Rhonda Mason is a debut author of fantasy and space opera fiction, based in the US. Rhonda’s dark urban fantasy short story was published in the anthology Modern Magic. She has an M.A. from Seton Hill University’s Writing Popular Fiction program where she focused on writing Speculative Fiction. She is published in short and long fiction, a member of SFWA and RWA, and works as an editor in the financial newswire sector. You can find her at www.RhondaMason.com.
by Rhonda Mason
When asked about 6 modern space opera authors on my “you have to read this” list, I was initially hesitant to name names. I’m not usually one to recommend books because readers’ tastes vary so wildly, even within a small subgenre of SF. That doesn’t mean I don’t have an opinion on the subject, though. Far from it. And since SF Signal gave me a platform, well…brace yourselves, I’m about to get down and dirty with some recommendations!
- Ann Leckie. I didn’t even hesitate when adding her to the top of the list. I hate to list an author that everyone’s talking about because it makes the recommendation seem obligatory. No way. Leckie’s concept of Breq, her main character in Ancillary Justice, is phenomenal. And the way she spins out the tale in the first half of book, with the multiple/singular POV of Breq, is worthy of study. Simply fantastic.
- Rachel Bach. I like a heavy dose of action in my space opera and Bach delivers every time. Her main character in her Paradox series is a space merc with an “I’m better than all of you, all of this” attitude that actually makes her unlikable. The change from that to sympathetic lead is very well-done. Not to mention she rocks socks with her weapons and fight scenes. Bach had me with Devi’s devotion to Lady Gray, her suit of powered armor. This is sometimes mistakenly referred to as military scifi, I think just because of the powered armor. Ignore that. Bach’s work is straight-up space opera at its action-packed finest.

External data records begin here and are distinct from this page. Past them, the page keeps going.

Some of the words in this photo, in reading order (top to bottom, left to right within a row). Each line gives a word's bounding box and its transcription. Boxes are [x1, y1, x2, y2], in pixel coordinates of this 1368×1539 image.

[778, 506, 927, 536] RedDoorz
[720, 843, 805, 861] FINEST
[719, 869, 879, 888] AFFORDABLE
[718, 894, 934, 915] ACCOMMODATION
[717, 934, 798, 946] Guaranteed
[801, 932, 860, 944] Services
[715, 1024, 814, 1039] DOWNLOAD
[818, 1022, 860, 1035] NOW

- John Scalzi. No surprise here. Though, you may be surprised to hear that what I love best about Scalzi’s space opera is his voice. In Old Man’s War he nails John Perry’s voice (the 1st person POV character in the book.) It was so authentic and spot on at all times that I would recommend Scalzi just for that feat, regardless of if you liked space opera or not. The uniqueness of the character’s voice was refreshing in a genre that (let’s admit it) has a lot of specific character troupes.Side note: I have no real issue with space opera troupes. We’re all looking for certain recognizable things when we pick up a space opera, even if we do also want to be surprised and see new twists on our favorite troupes.
- Peter F. Hamilton. I almost don’t even know what to say here. Just…yes. And yes some more. Epic is the word that first comes to mind. There’s a complexity to his worldbuilding that you have to admire, and he manages to make multi-POV character/plot lines race ahead at a great pace usually reserved for single storyline novels. Check out his novel Pandora’s Star. Go ahead. I dare you to try to put it down.

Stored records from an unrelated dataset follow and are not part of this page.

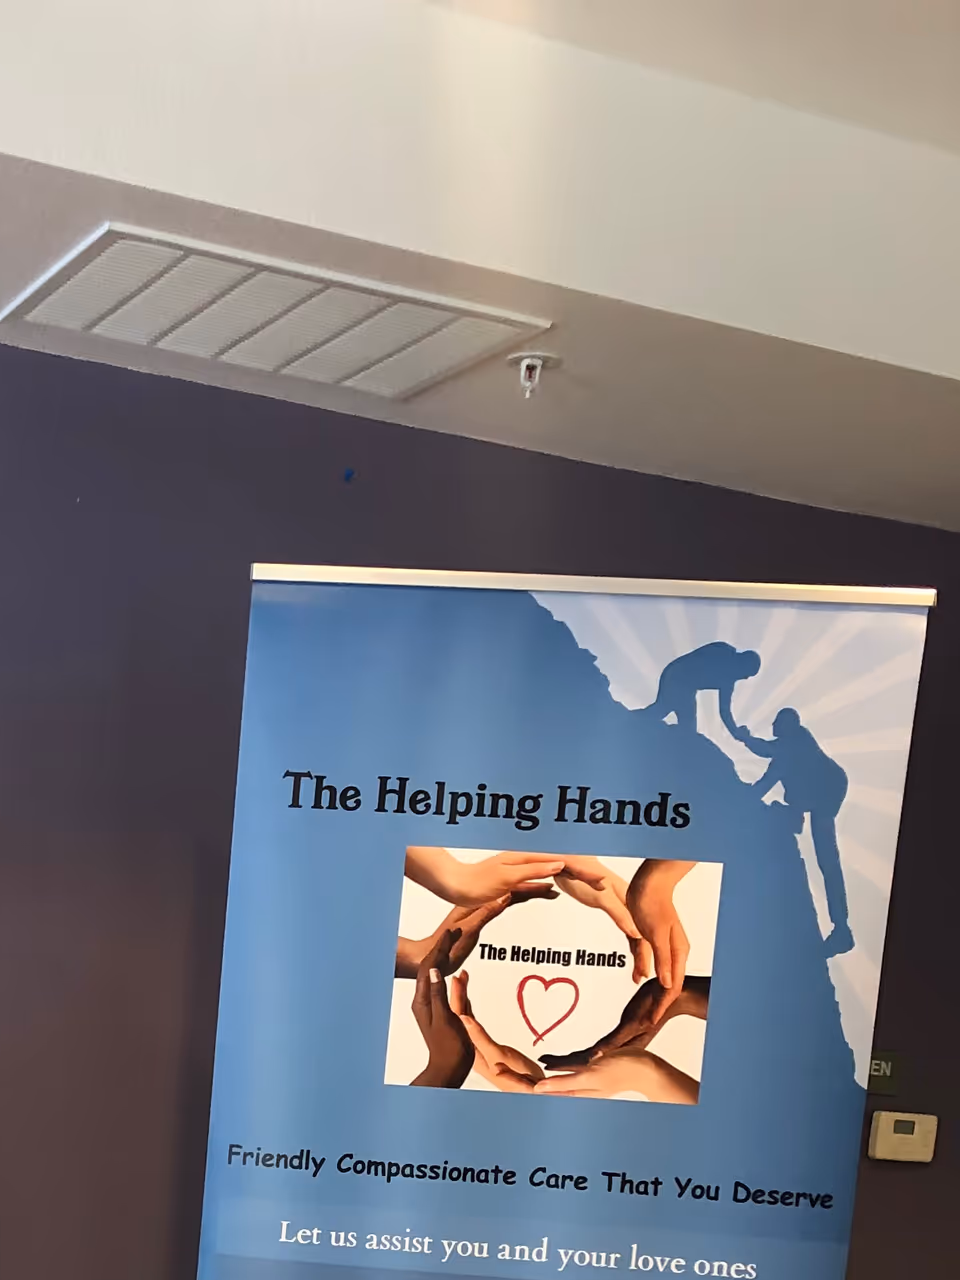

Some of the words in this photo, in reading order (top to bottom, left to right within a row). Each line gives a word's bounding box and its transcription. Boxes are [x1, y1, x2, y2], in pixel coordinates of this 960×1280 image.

[282, 770, 361, 811] The
[374, 776, 543, 831] Helping
[554, 785, 690, 828] Hands
[479, 944, 507, 961] The
[510, 945, 572, 967] Helping
[575, 949, 626, 968] Hands
[228, 1144, 326, 1177] Friendly
[337, 1153, 516, 1185] Compassionate
[529, 1167, 588, 1190] Care
[601, 1172, 663, 1196] That
[674, 1177, 720, 1201] You
[733, 1181, 833, 1209] Deserve
[279, 1221, 322, 1244] Let
[330, 1232, 357, 1247] us
[365, 1228, 433, 1253] assist
[441, 1240, 489, 1262] you
[497, 1237, 548, 1262] and
[557, 1249, 621, 1271] your
[629, 1244, 686, 1273] love
[694, 1260, 756, 1279] ones

- Kristine Kathryn Rusch. I recommend Rusch for her Diving Universe novels. First off, talk about a great take on space opera. It starts off as Tomb Raider in space, then opens up to a full-on intergalactic conflict with the find of one amazing discovery. What I love about Rusch is the way she combines adventure with some surprisingly deep ethical questions. She writes a tight page-turner, to be sure, with Star Trek-level science that’s appropriate for a space opera.

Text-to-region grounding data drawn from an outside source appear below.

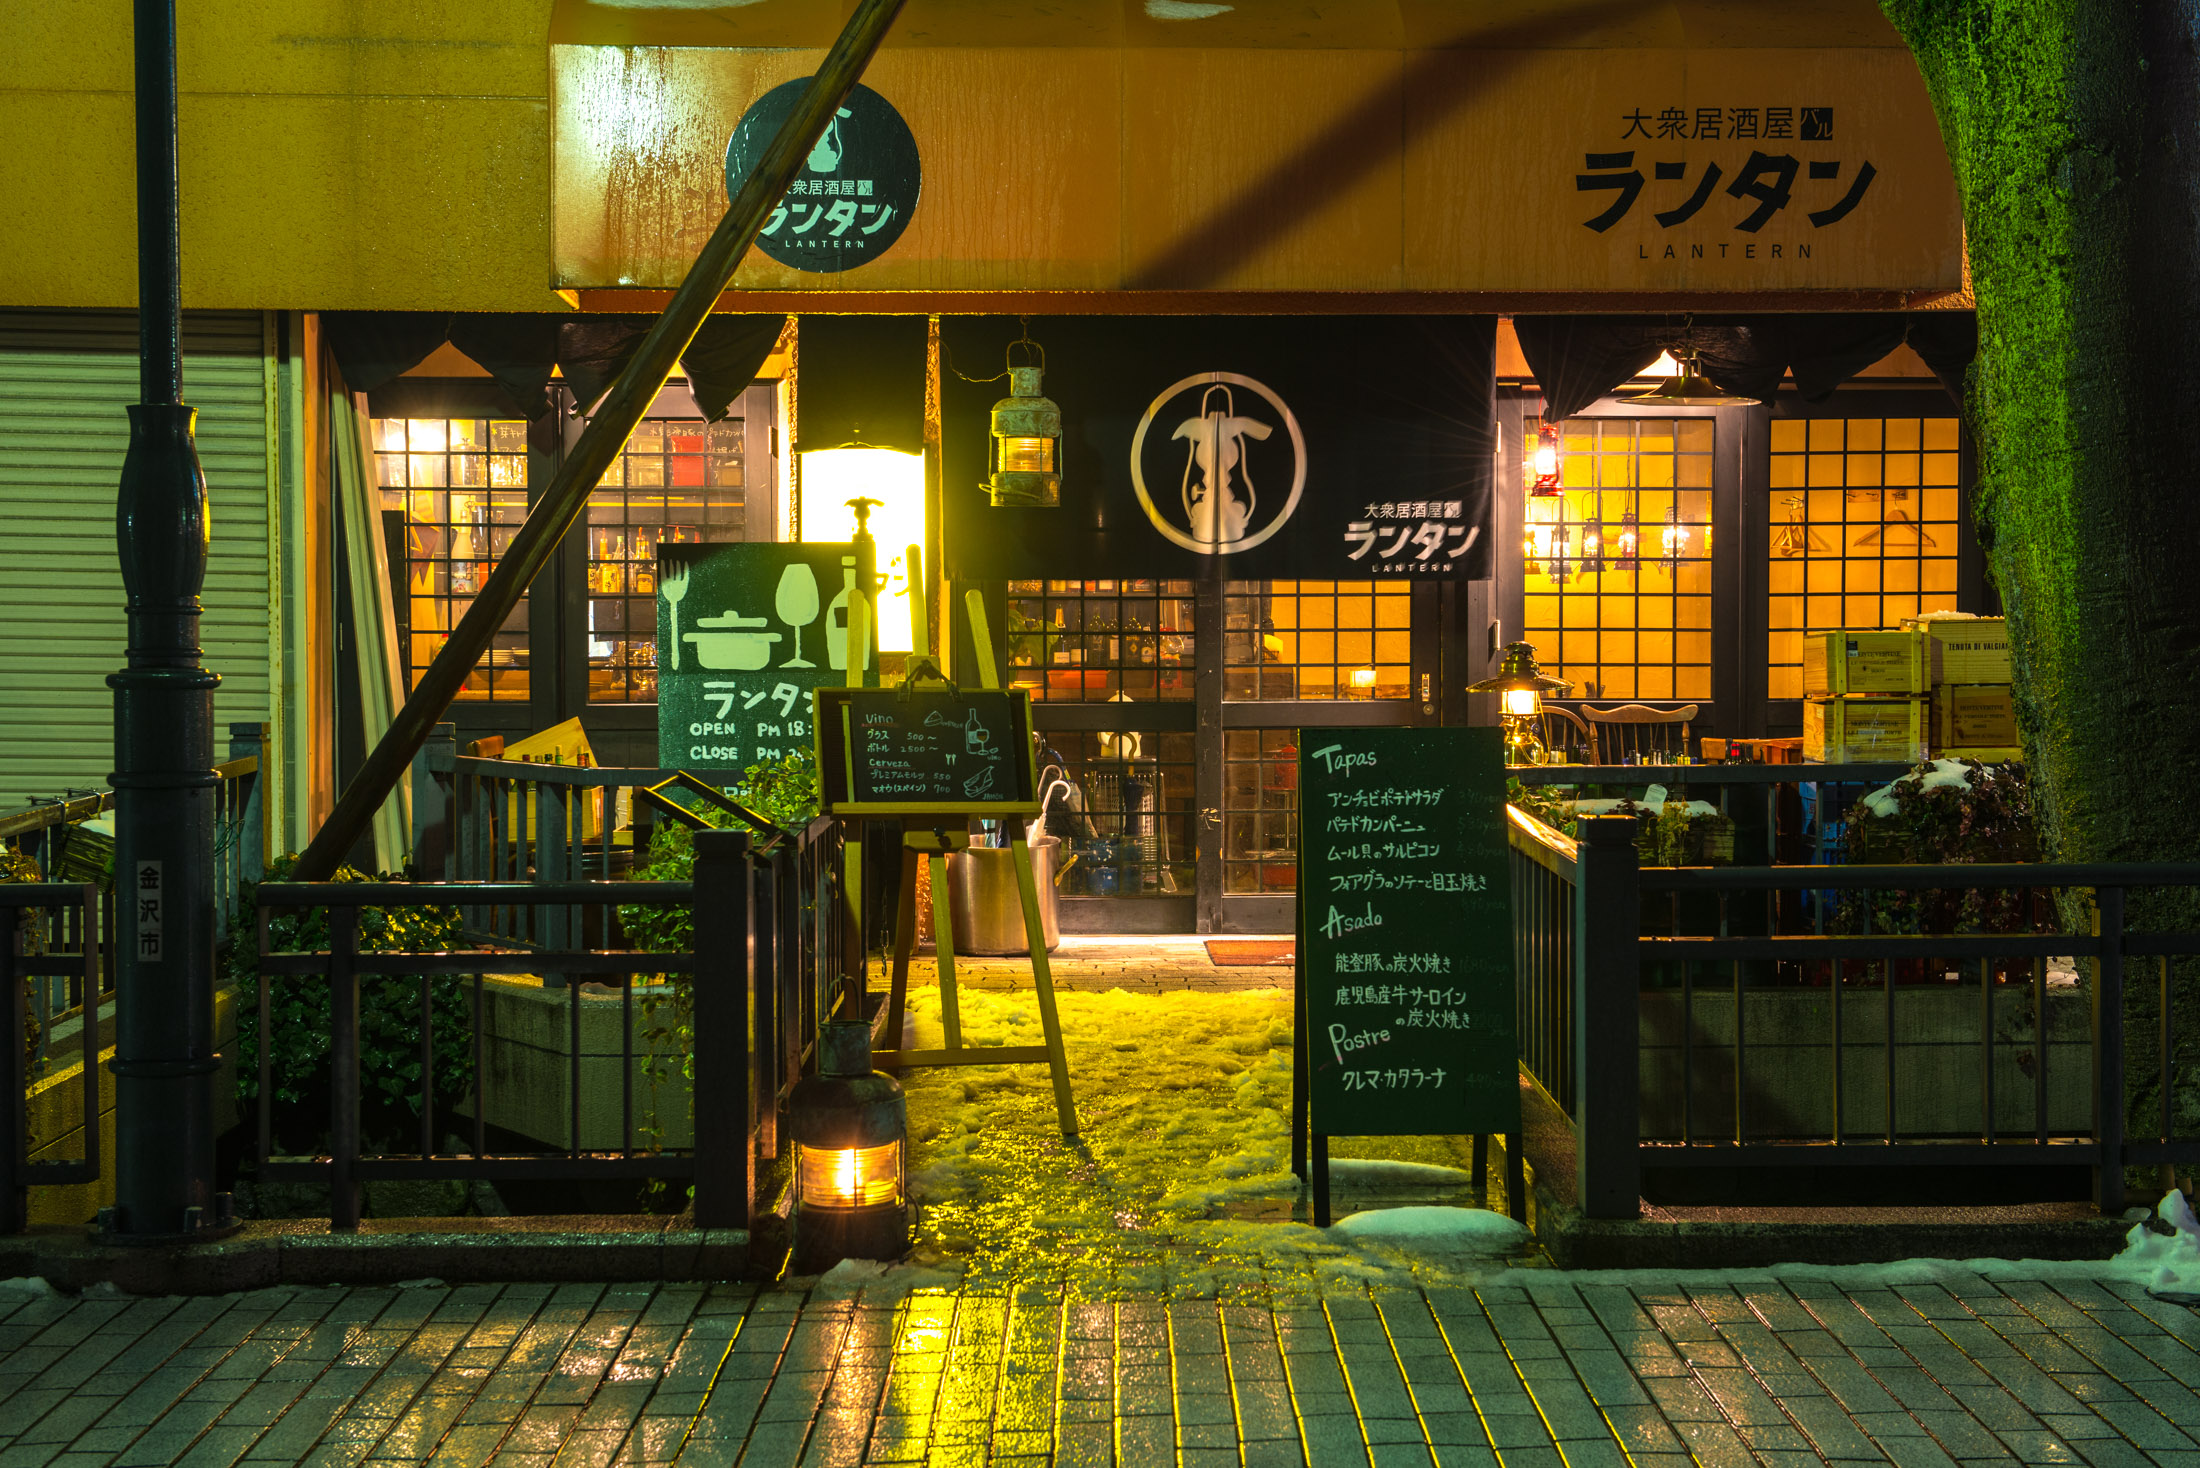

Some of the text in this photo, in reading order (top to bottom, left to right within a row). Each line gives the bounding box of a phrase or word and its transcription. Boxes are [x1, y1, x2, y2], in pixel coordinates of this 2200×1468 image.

[1575, 150, 1877, 234] ランタン
[785, 239, 864, 248] LANTERN
[1639, 243, 1812, 259] LANTERN
[1344, 519, 1481, 561] ランタン
[1371, 562, 1454, 573] LANTERN
[1948, 643, 1972, 651] TENUTA
[865, 713, 894, 724] Vino
[689, 720, 813, 738] OPEN PM 18:
[867, 728, 891, 741] グラス
[689, 745, 738, 760] CLOSE
[756, 746, 781, 760] PM
[867, 742, 890, 753] ボトル
[869, 758, 912, 768] Cerveza
[1311, 743, 1377, 778] Tapas
[870, 768, 952, 780] プレミアムモルツ 550
[933, 784, 952, 794] 700
[1327, 787, 1445, 808] アンチョビポテトサラダ
[1326, 814, 1426, 833] パテドカンパーニュ
[1327, 841, 1440, 861] ムール貝のサルピコン
[1328, 868, 1488, 893] フォアグラのソテーと目玉焼き
[139, 865, 160, 957] 金沢市
[1319, 901, 1383, 940] Asado
[1335, 951, 1451, 974] 能登豚の炭火焼き
[1334, 984, 1467, 1006] 鹿児島産牛サーロイン
[1395, 1007, 1471, 1030] の炭火焼き
[1328, 1022, 1391, 1066] Postre

- Christina Westcott. I’m not afraid to read across the genre spectrum in search of enjoyable SF, which is why debut author Christina Westcott made my list. Be warned, this space opera is SFR (science fiction romance) with the attendant romance novel troupes. If you can’t stand those, she’s not for you. But if you can look past (or enjoy) the romance novel elements, you’ll find an almost perfectly done space opera novel. Westcott doesn’t waste time with low stakes. Her work is intergalactic from page 1, with the fate of worlds on the line. She combines high stakes with super-fast-paced action. While the work isn’t as deep as it could be, she still writes a rollicking good time. The best part? Her trademark snarky humor.I hope some of these appeal to some of you! I realize I drifted a little across the field of space opera, but hey, that’s what’s so great about it, the different ways authors approach our beloved subgenre.